Even if an incarcerated person convinces a court to intervene, the PLRA limits what relief federal courts may order when it comes to prison operations. Federal court orders must be “narrowly drawn” to vindicate an incarcerated person’s rights and be the “least intrusive means” possible.
In addition, the PLRA forbids courts from releasing a person from prison to protect their rights unless “less intrusive relief” has failed to remedy the deprivation or violation of the person’s rights. Release can also only be ordered by a three-judge panel, as compared to the single judge who normally presides over federal cases.
The path ahead
But Congress should also help in the next coronavirus legislative package. On the issue of compassionate release, the Covid-19 Safer Detention Act would shorten the amount of time an incarcerated person has to wait before the federal courts can hear their case.
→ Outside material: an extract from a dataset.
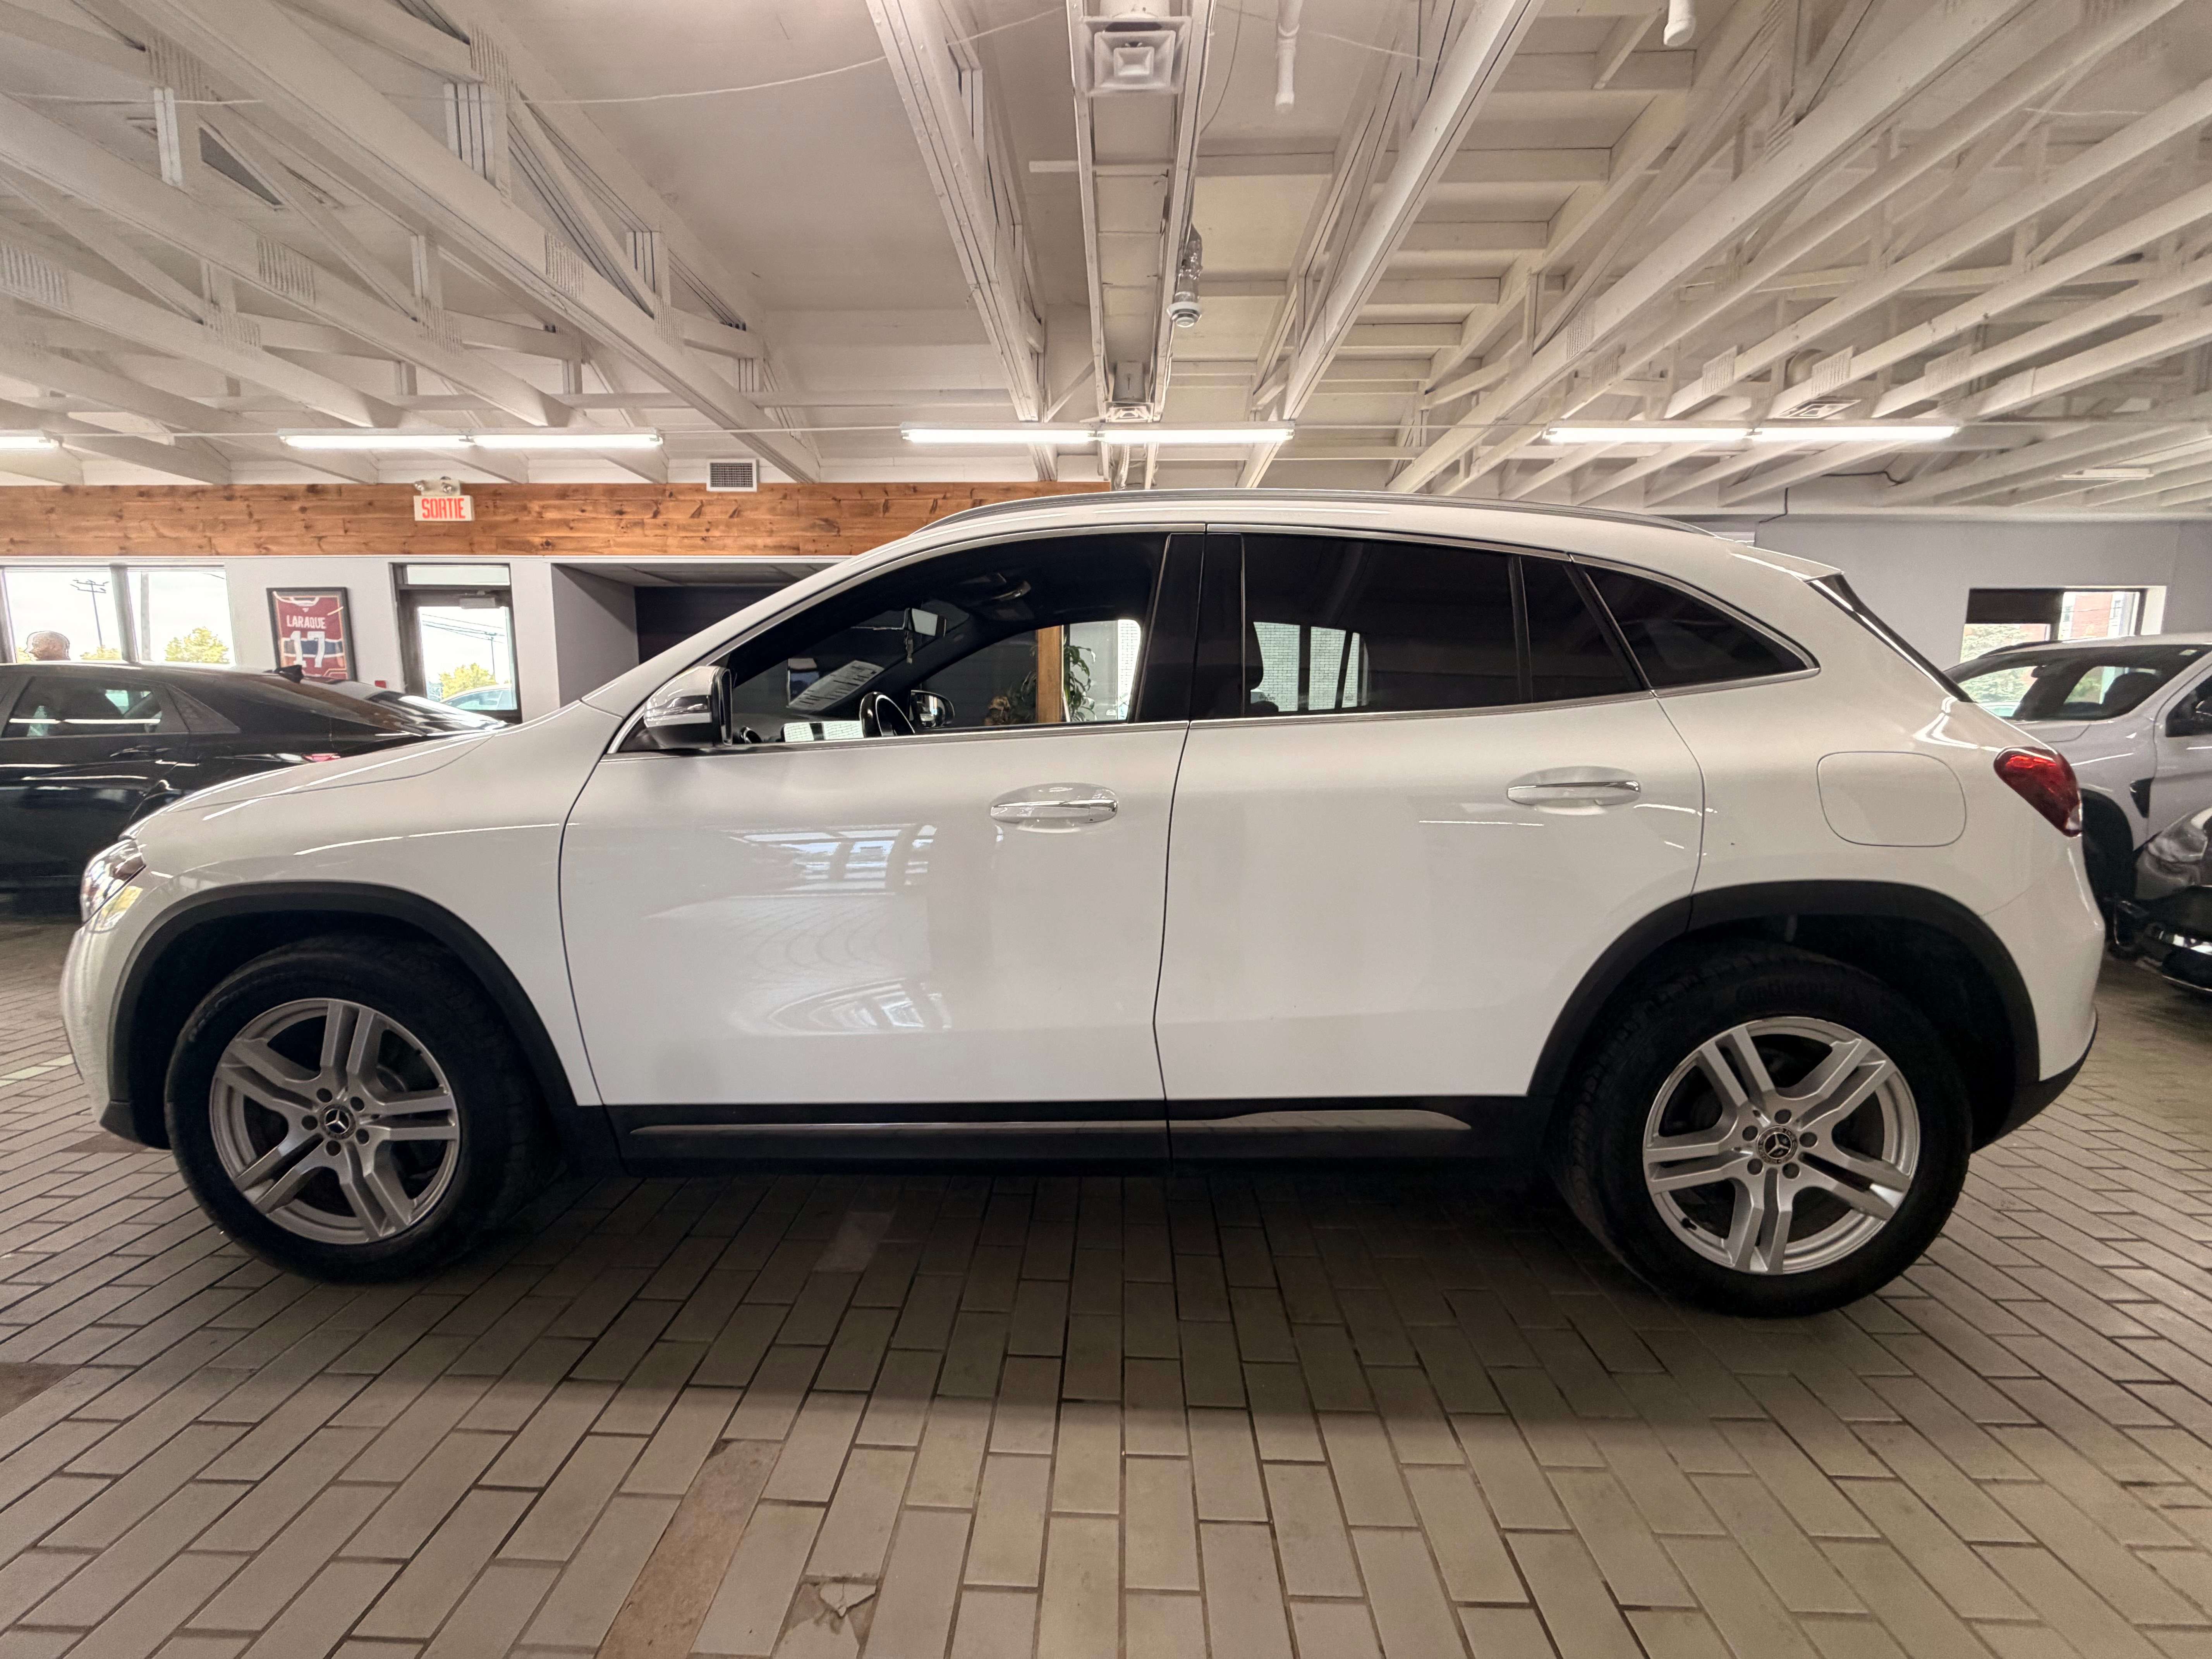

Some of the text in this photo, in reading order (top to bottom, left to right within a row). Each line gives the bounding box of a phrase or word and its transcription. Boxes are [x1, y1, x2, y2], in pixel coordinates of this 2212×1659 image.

Provisions of the Emergency Grace Act would allocate money to support states’ efforts to speedily identify those who should be released on the basis of age or medical conditions.
Congress should also consider passing a public health emergency exception to the PLRA that would permit federal courts to hear cases with less delay by eliminating or shortening the timing for the exhaustion requirement and allowing for greater judicial discretion to address prison conditions.
Trial in Laddy Valentine’s lawsuit began virtually on July 13, and the case is moving along relatively quickly. But there are hundreds of thousands of incarcerated people nationwide who are also desperate for improved prison conditions. Respect for their lives demands more releases from prison as quickly as possible.